Volume 3 - Year 2015 - Pages 1-8
DOI: 10.11159/ijepr.2015.001

Leaching and Mechanical Behaviour of Solidified/Stabilized Nickel Contaminated Soil with Cement and Geosta

Nicholas Hytiris1, Panagiotis Fotis1, Theodora-Dafni Stavraka1, 2, Abdelkrim Bennabi2, and Rabah Hamzaoui2

1Glasgow Caledonian University, School of Engineering & Built Environment (SEBE)
Glasgow G4 0BA, United Kingdom.
N.Hytiris@gcu.ac.uk; Panagiotis.Fotis@gcu.uk
2Université Paris-Est, Institut de Recherche en Constructibilité, ESTP,
28 avenue du Président Wilson, 94234 Cachan, France.
tstavraka@adm.estp.fr; abennabi@adm.estp.fr; rhamzaoui@adm.estp.fr

Abstract - In the present work, solidification/stabilization (S/S) of nickel contaminated soil using Ordinary Portland Cement-OPC and commercial was carried out. Effects of different binder combinations of OPC and commercial stabilizer wt% in the S/S mix designs and physical and chemical characteristics of the treated samples were investigated. The mechanical property studied was unconfined compressive strength-UCS while chemical characterization of the samples was focused on the leachability of nickel. Results indicated that the optimum mix design, in terms of mechanical efficiency, was 10% OPC wt% and 4.2 wt% commercial stabilizer while in terms of chemical efficiency 10% OPC wt% and 1.4 wt% commercial stabilizer.

Keywords: Cement, Graded gravelly sand, Nickel, UCS, Leaching, S/S, Geosta® stabilizer.

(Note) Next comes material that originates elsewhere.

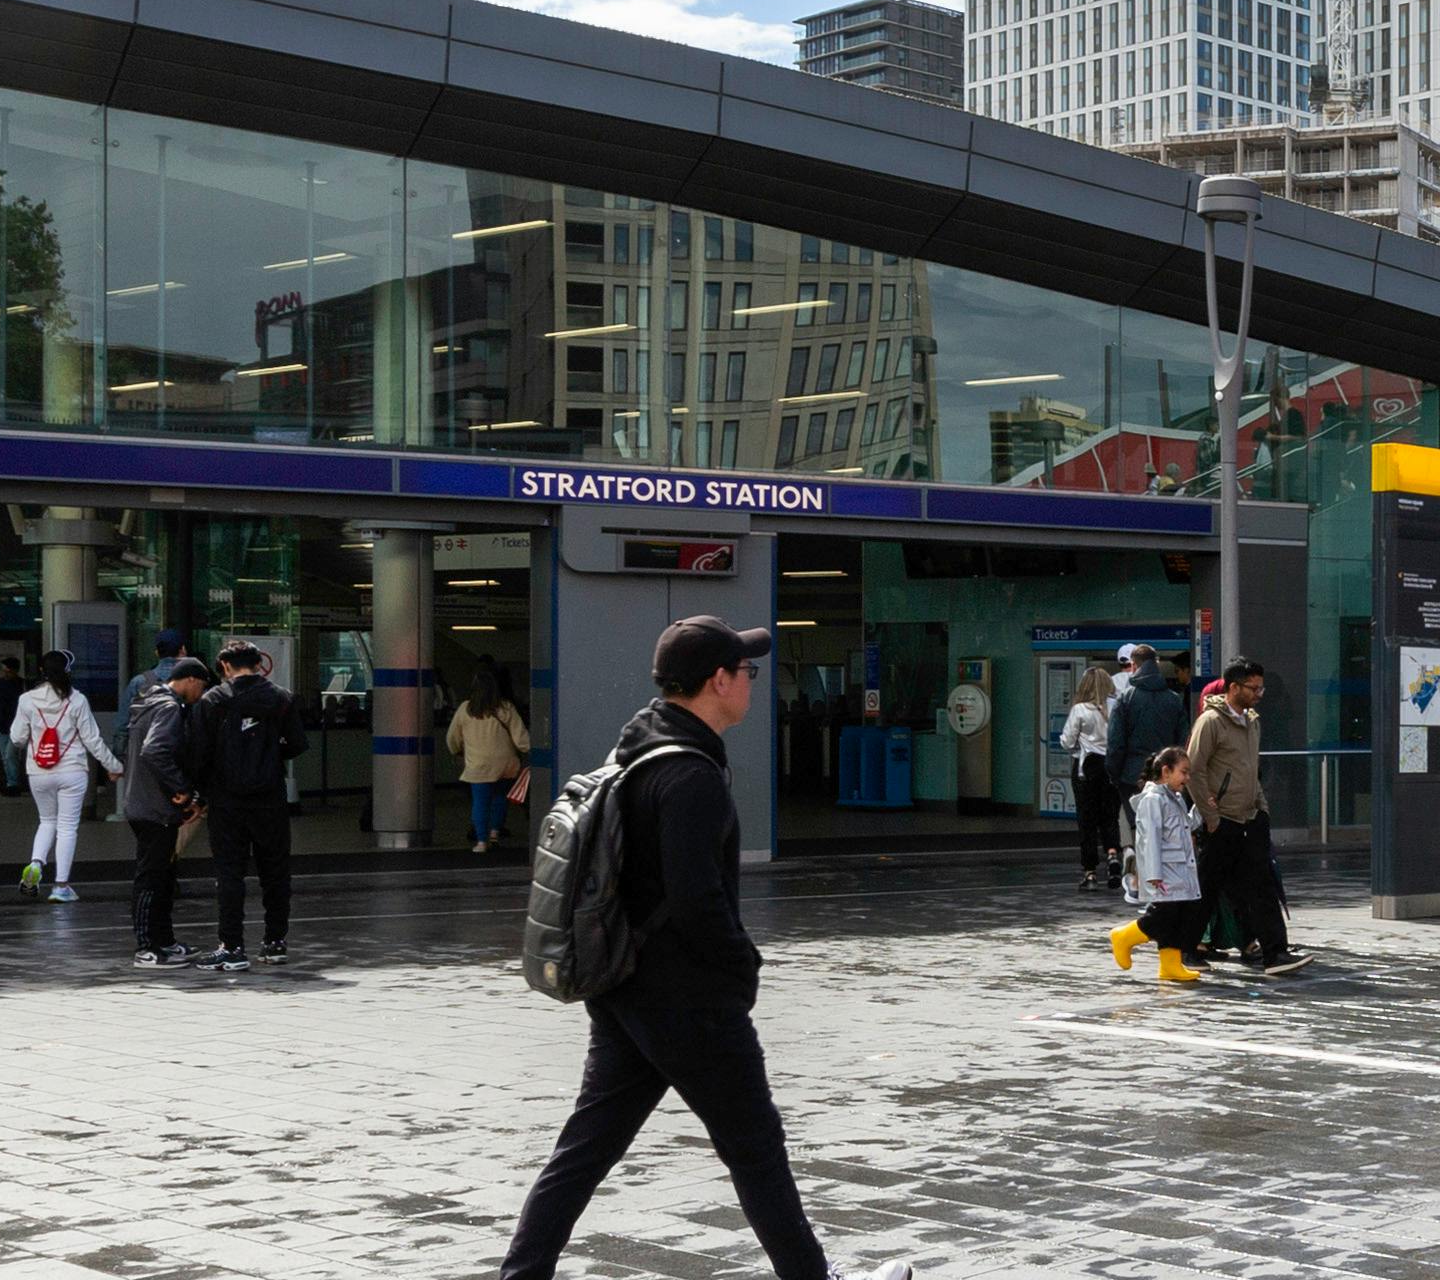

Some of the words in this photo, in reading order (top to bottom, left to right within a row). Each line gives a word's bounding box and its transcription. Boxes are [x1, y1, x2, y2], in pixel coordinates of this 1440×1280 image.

© Copyright 2015 Authors - This is an Open Access article published under the Creative Commons Attribution License terms. Unrestricted use, distribution, and reproduction in any medium are permitted, provided the original work is properly cited.

Date Received: 2014-09-04
Date Accepted: 2014-12-23
Date Published: 2015-01-12

1. Introduction

Stabilization/solidification (S/S) is one of the major methods in treating hazardous wastes prior to land disposal and also an effective technique for reducing the leachability of contaminants in soils like, heavy metals [1, 2]. Entrapment of wastes that expresses hazardous characteristics within a cementitious matrix (solidification) and binding of contaminants (organic or inorganic) of a hazardous stream into a stable insoluble form (stabilization) are the mechanisms that best describe the principle behind solidification and stabilization (S/S) treatment. Solidification and stabilization (S/S) related processes such as chemical and physical stabilization of contaminants, dangerous to natural and build environment, have been identified as Best Demonstrated Available Technology-BDAT for 57 different hazardous wastes under the Resource Conservation and Recovery Act-RCRA [3, 4].

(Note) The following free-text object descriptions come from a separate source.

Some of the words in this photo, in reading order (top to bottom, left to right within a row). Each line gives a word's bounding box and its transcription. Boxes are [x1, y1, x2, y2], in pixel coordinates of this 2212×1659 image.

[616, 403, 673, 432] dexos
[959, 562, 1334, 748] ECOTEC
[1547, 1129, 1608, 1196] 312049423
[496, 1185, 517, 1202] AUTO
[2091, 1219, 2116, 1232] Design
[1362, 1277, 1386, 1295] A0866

Heavy metals are well known to be toxic to most organisms and harmful to the environment when present in excessive concentrations [5, 6]. Nickel has recently become a serious pollutant which is mainly released, from metal processing operations and from increased combustion of coal and oil [7]. Nickel is considered to be one of the most dangerous chemical elements, which may cause permanent soil contamination due to its specific physicochemical properties and mechanisms of action [8, 9].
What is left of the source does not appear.